The rudder cable guide bushing mounts are shown as being welded to the upright tubes at sta.2. Builders with short legs that have mounted the pedals further back or in a more upright position have noted that there is binding between the cables and the cable guide. To alleviate this condition the cable guide bushing mount should be welded to the diagonal tube that runs from the aft side if the gear to the top of sta.3. Lowering it slightly to line up with the cable attach point on the rudder pedal will help also.

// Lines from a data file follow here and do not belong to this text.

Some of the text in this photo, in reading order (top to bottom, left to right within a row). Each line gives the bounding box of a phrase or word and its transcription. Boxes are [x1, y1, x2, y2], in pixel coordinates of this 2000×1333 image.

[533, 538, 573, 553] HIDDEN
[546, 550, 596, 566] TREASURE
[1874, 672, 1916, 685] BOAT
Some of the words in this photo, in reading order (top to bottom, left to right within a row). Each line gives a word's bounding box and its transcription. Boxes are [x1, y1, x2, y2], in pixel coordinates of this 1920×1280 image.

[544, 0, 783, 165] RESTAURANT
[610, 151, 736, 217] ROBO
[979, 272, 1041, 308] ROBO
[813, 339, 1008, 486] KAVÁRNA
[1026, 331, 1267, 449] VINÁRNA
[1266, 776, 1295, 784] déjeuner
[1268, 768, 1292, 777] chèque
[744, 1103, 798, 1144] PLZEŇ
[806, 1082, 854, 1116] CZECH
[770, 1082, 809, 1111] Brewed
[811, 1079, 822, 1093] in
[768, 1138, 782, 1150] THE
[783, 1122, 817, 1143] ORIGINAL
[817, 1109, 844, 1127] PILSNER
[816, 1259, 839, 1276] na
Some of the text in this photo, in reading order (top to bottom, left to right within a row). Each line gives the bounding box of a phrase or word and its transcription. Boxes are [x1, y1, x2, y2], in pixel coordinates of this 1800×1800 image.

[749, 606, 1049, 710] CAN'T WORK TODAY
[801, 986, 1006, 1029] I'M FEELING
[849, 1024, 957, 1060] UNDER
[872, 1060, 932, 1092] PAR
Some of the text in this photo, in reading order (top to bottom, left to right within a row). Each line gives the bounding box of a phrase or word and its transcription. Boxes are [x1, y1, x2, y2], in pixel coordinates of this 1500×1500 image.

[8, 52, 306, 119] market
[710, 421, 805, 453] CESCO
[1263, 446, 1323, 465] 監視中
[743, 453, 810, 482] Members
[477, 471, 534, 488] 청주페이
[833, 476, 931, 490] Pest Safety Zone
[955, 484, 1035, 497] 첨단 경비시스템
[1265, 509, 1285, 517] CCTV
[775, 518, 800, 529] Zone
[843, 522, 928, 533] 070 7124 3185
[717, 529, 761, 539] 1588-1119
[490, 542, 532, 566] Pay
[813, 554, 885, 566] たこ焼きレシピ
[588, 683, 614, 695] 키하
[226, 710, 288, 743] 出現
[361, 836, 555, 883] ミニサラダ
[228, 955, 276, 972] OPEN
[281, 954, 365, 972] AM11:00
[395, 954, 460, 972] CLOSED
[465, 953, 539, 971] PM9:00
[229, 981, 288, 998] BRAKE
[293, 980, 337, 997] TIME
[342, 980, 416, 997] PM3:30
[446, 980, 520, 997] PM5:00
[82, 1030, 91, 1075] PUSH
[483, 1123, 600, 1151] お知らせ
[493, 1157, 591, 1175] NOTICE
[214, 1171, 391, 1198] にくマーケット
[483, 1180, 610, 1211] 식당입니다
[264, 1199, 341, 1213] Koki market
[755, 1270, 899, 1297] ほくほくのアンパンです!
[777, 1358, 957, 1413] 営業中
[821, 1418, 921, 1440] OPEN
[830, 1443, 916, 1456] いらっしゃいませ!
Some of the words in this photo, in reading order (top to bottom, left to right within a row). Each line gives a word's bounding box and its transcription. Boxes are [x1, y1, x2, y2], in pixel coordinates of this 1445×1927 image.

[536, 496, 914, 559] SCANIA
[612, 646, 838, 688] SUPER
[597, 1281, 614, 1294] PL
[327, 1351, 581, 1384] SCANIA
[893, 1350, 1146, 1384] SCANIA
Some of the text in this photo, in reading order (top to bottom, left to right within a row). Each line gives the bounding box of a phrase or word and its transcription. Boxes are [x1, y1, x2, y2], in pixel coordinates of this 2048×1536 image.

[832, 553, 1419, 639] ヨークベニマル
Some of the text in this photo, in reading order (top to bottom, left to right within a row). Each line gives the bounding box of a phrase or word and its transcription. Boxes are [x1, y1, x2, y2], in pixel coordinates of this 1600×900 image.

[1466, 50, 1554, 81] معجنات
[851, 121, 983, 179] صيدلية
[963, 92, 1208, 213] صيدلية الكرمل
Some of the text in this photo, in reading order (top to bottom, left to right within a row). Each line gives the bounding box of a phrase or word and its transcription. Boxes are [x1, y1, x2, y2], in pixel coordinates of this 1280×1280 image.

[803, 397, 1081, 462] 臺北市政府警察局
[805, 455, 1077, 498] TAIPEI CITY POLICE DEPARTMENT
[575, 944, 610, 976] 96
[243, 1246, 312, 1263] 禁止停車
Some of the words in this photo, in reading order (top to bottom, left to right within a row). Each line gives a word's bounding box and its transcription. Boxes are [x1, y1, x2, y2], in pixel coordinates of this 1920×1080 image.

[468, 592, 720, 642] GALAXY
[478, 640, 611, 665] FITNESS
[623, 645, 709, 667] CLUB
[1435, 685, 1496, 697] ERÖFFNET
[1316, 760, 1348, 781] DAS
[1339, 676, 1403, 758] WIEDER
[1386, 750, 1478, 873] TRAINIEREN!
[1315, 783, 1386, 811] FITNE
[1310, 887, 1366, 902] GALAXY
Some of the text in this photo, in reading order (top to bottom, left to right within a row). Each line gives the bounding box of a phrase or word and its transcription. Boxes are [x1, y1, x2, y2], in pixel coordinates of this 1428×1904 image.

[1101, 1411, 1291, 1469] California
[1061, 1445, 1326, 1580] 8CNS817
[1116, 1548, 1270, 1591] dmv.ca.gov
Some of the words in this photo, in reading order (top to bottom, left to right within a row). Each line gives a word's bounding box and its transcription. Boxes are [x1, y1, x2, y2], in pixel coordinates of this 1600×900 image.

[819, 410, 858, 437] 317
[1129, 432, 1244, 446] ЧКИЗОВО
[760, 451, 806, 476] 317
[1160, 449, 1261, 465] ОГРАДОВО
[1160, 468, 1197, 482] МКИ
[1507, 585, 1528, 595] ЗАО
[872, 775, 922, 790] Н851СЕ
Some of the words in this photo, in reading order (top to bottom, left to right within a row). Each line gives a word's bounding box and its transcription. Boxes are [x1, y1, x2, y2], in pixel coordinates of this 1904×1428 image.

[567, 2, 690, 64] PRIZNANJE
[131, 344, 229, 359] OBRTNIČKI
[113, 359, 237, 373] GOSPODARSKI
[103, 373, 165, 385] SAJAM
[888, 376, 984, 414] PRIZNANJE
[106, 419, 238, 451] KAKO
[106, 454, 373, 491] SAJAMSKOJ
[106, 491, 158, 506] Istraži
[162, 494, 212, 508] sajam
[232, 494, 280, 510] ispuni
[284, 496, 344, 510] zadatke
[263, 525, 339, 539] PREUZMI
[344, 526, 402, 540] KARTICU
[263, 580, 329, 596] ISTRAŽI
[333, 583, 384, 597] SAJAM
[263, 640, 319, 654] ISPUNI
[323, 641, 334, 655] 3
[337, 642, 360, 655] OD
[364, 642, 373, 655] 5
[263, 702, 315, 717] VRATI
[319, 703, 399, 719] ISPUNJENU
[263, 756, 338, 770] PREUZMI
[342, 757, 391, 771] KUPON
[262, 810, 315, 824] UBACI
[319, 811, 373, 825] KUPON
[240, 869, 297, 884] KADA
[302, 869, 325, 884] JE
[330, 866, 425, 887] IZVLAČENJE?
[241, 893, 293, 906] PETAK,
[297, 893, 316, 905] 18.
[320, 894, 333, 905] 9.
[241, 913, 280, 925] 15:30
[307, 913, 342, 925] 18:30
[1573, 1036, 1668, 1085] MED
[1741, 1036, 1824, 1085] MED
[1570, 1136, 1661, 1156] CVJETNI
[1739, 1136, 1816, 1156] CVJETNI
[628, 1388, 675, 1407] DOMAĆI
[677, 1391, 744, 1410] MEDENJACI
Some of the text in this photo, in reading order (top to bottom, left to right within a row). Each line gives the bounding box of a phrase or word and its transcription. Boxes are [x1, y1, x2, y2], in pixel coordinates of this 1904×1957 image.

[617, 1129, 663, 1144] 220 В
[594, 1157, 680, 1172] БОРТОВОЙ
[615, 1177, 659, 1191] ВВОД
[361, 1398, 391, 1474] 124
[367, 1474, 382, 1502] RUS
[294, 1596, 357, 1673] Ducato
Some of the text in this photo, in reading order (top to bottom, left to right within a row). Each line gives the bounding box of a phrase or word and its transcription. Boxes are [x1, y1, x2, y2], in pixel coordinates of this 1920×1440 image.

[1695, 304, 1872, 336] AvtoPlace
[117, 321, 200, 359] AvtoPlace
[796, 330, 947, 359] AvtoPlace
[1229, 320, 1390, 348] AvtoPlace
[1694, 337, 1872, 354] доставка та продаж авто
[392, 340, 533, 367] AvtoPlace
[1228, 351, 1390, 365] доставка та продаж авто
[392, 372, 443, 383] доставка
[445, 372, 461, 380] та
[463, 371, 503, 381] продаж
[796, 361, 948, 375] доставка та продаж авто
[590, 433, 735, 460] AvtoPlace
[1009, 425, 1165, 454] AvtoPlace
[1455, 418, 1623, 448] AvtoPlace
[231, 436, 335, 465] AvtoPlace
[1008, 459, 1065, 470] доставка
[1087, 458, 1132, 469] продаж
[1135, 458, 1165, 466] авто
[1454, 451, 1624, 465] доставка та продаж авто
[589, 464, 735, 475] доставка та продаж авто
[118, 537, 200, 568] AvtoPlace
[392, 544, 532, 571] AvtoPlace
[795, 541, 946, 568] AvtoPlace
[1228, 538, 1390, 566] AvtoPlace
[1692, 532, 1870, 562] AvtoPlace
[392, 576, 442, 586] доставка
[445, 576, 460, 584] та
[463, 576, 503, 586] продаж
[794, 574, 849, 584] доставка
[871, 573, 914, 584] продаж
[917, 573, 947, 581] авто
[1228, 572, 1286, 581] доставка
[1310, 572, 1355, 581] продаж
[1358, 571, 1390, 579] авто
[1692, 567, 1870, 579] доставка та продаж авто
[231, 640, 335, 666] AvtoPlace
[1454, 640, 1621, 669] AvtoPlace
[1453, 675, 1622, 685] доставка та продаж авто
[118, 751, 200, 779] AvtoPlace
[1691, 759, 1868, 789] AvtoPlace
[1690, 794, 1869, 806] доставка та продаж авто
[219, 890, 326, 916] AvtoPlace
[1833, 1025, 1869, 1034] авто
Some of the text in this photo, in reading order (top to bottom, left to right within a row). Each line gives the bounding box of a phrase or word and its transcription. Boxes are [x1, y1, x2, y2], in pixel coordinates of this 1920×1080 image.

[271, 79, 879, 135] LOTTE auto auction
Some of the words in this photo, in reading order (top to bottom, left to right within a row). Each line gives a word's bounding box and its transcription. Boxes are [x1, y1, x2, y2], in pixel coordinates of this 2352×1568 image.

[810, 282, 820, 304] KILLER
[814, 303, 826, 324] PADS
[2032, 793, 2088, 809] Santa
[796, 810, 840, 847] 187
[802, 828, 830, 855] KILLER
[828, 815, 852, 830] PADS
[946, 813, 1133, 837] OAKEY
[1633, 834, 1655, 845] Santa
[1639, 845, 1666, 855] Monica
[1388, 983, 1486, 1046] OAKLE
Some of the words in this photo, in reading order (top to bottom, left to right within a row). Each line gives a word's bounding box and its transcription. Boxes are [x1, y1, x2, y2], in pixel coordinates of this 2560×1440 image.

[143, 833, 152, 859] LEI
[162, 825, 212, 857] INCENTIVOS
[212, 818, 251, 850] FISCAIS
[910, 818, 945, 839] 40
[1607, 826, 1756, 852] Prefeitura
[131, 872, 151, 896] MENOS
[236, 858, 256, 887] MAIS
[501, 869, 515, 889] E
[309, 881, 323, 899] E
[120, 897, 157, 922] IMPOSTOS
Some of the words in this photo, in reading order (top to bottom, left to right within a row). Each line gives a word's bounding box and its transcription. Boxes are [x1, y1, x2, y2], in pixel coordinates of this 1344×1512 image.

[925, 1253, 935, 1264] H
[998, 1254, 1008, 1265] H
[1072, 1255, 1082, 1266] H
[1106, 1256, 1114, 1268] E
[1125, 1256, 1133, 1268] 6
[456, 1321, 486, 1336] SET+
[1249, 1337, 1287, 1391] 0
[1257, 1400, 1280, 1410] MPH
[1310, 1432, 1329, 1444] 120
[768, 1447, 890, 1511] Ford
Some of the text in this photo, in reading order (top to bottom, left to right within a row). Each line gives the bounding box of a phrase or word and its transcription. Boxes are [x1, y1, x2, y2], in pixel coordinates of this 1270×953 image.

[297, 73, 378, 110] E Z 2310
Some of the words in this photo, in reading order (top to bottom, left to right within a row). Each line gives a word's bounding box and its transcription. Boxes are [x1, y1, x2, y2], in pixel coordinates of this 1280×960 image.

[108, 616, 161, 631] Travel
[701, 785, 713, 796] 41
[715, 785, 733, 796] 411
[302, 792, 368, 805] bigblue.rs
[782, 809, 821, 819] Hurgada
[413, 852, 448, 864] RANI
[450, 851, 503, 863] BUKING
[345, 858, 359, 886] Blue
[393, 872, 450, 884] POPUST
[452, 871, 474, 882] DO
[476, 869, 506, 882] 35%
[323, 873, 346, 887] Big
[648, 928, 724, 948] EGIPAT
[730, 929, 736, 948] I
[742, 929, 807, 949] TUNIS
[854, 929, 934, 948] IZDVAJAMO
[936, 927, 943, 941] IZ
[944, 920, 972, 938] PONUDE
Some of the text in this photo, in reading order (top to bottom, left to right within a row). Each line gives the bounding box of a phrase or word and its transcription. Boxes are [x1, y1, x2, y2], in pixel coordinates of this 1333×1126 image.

The distance between the pivot points on the C4A idler arm and the C3 arm on the control stick should be 3.25 inches. Builders should check that this correct on their plans set.
Aileron Linkage Arms
The proper horizontal distance from the center of the aileron spar to the center of the pushrod attach bolt hole is 1.875 inches. Builders should check that this correct on their plans set. This will allow the ailerons to deflect to their full travel without the push rod hitting the lower wing rear spar at full deflection. It is recommended that the amount of aileron travel be adjusted by varying the location of the push rods in the C2 torque tube arms and the A4 idler arms.